# Lionel Hogwarts Command & Smoke Upgrade



## gunrunnerjohn (Nov 10, 2010)

Here's my Lionel Hogwarts locomotive that has received a brain transplant. I removed the old electronics and mechanical whistle and upgraded it to TMCC command with cruise, sound, and fan driven smoke with the Super-Chuffer. 

Still to do is to light the little lanterns on the pilot and also add a tender reverse lamp.

Upgrades:

ERR Cruise Commander Lite
ERR RailSounds Commander
MTH fan driven smoke unit
JWA Super-Chuffer


----------



## BigAl56 (Dec 14, 2011)

Great job. Would it be possible to do a similar smoke upgrade for my Anniversary Hudson? I bought the set new about 12 years ago but the loco from day one barely smokes at all. It uses what looks like a 1980s vintage plastic tube style smoke unit. I would love to upgrade it so it smokes like your Hogwarts engine.


----------



## gunrunnerjohn (Nov 10, 2010)

It all depends on what's inside, though generally you can make it all fit. I've upgraded a K-Line semi-scale Mikado and managed to fit it all in, but it was a very tight fit!  

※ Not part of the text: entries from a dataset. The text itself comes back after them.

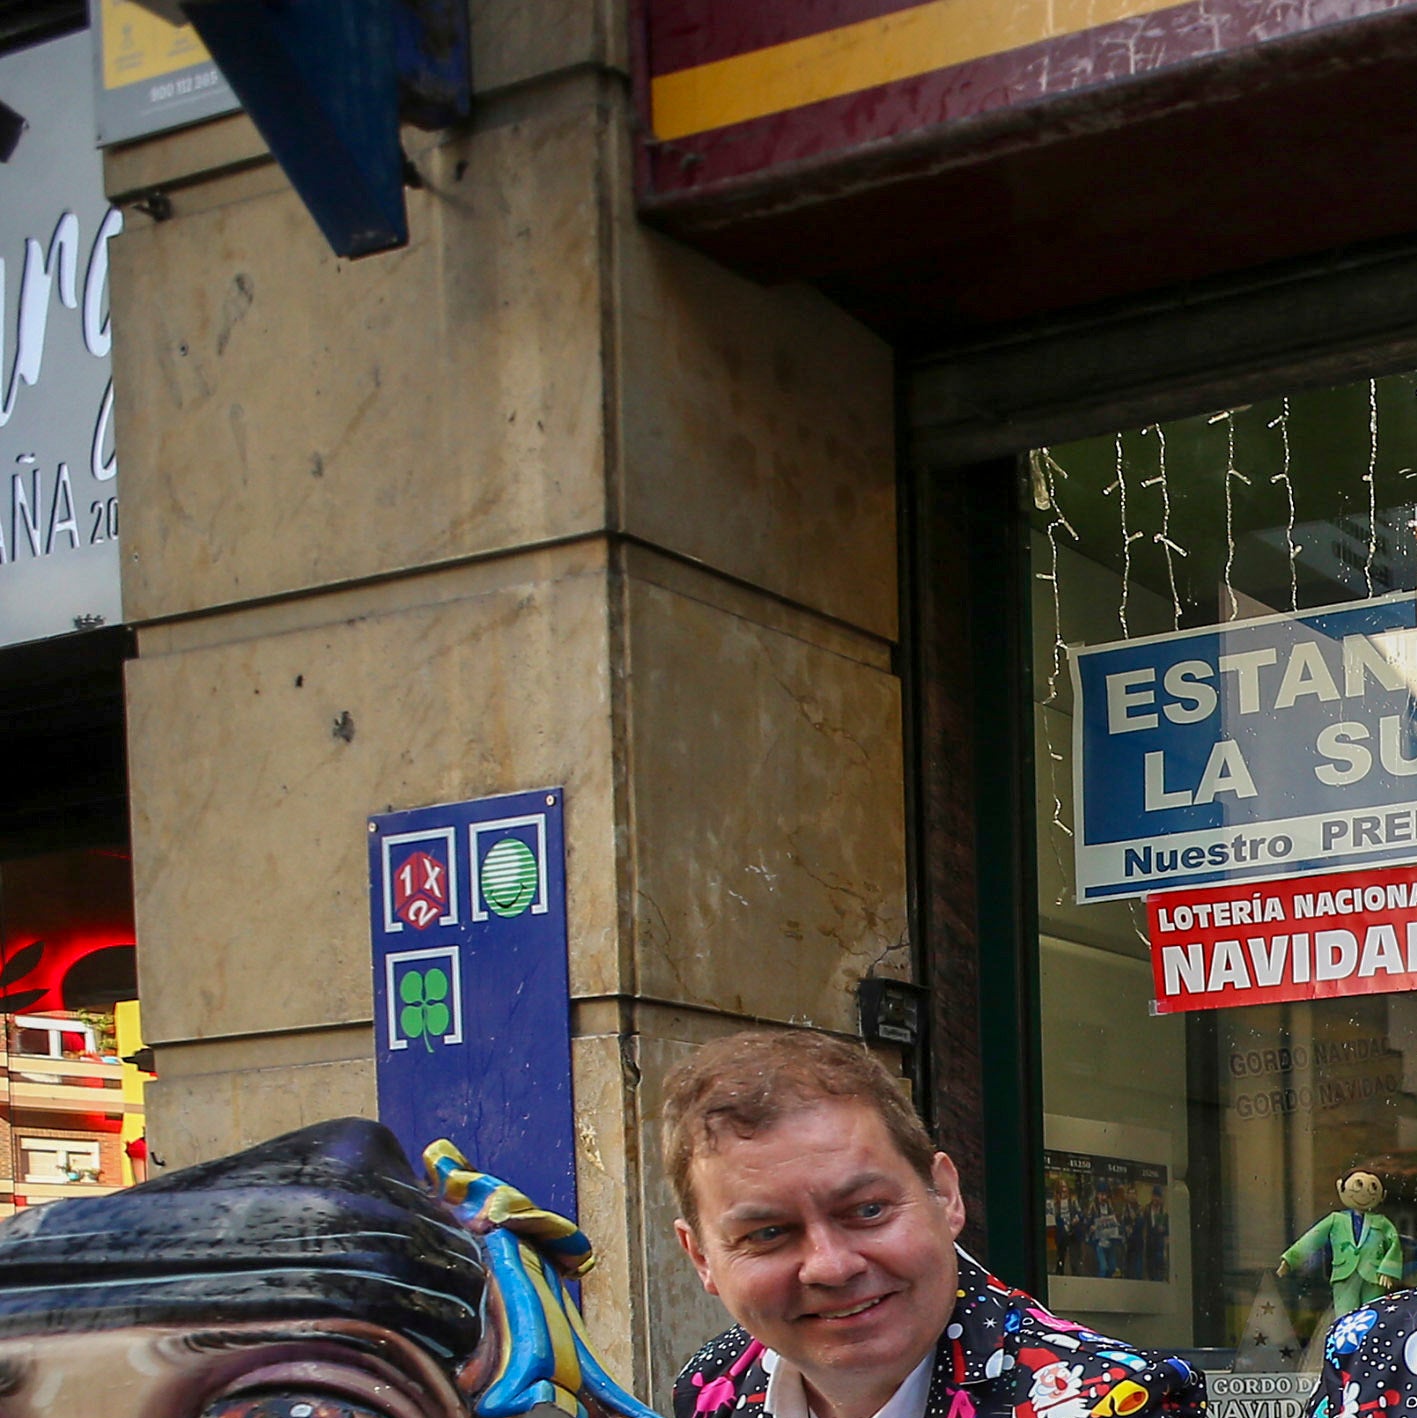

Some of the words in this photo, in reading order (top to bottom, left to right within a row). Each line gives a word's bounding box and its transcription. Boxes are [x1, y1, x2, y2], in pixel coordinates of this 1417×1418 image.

[0, 454, 80, 564] ÑA
[1142, 739, 1257, 813] LA
[1123, 830, 1294, 879] Nuestro
[1157, 891, 1286, 934] LOTERÍA
[1229, 1045, 1309, 1079] GORDO
[1235, 1085, 1313, 1120] GORDO
[1213, 1377, 1291, 1395] GORDO
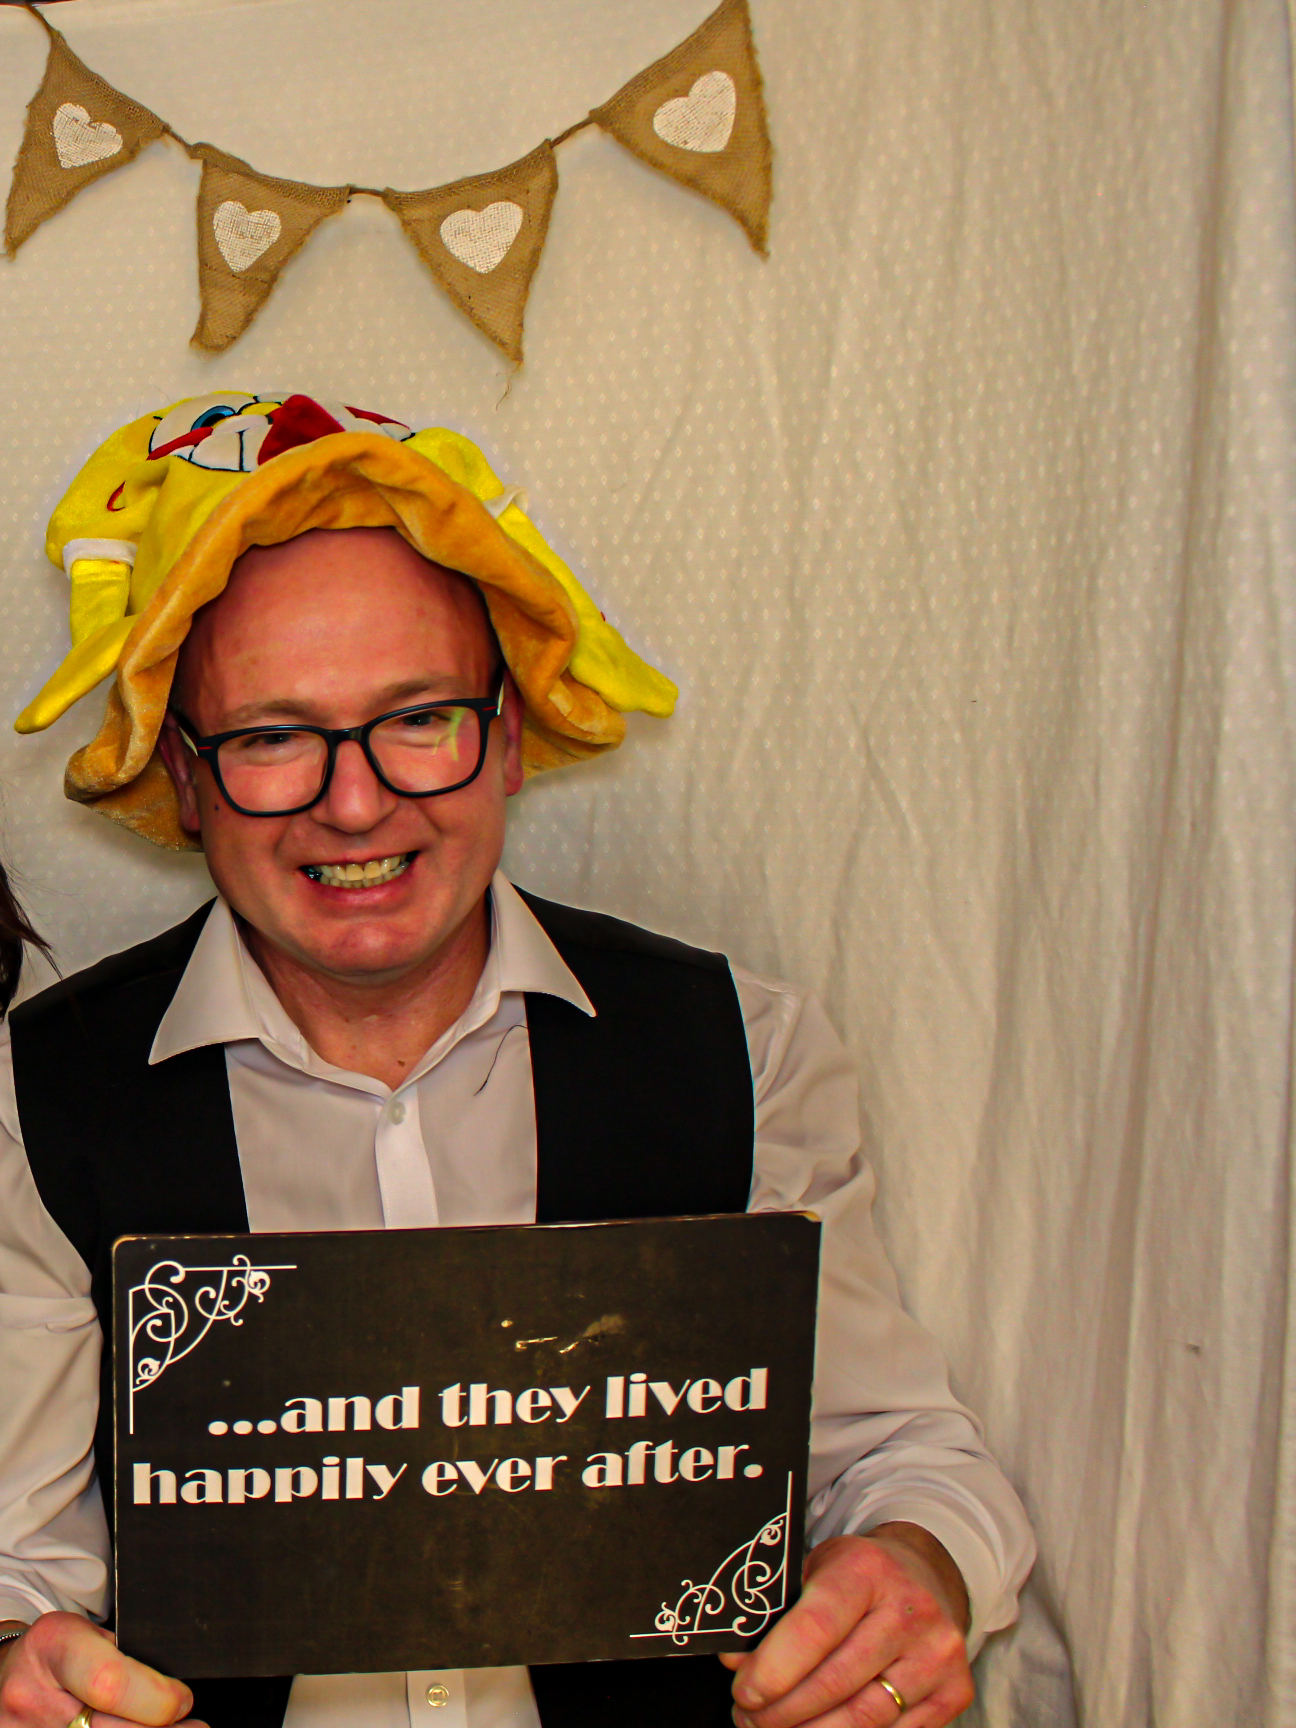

The electronics are mostly in the tender, the only parts in the locomotive are the smoke unit and the Super-Chuffer board. On this particular upgrade, there was tons of room in the boiler, some are a tighter fit.


----------



## BigAl56 (Dec 14, 2011)

Here are a couple photos. The smoke unit Lionel put in this is actually an updated 1940s piston lever style with an update board controlled heater. Pretty wimpy for 2002.  What do you think can be done with this?


----------



## gunrunnerjohn (Nov 10, 2010)

It looks like the smoke unit should fit, but it might be a challenge to find a place for the Super-Chuffer board.


----------



## jesteck (Apr 15, 2014)

John, that thing smokes more than I do, and I've been smoking 2 packs a day for years! Nice job. BTW, have you cleaned the wheels and pickup roller on that last passenger car lately? The lights look like they could be detrimental to an epileptic's health, as well as read the latest Potter novel.


----------



## gunrunnerjohn (Nov 10, 2010)

I'm actually going to "enhance" the flickering lights in that car, they're going to be random with different colors.

Smoke is my middle name.


----------



## 93firebird (Dec 25, 2011)

Which sound profile did you use John? I am looking to do this with my Polar Express layout also. Was thinking the Medium steam but not sure.


----------



## FM Trainmaster (Nov 13, 2013)

gunrunnerjohn said:


> Smoke is my middle name.


Does that go before or after "runner"?


Sent from my iPhone using Tapatalk


----------



## gunrunnerjohn (Nov 10, 2010)

93firebird said:


> Which sound profile did you use John? I am looking to do this with my Polar Express layout also. Was thinking the Medium steam but not sure.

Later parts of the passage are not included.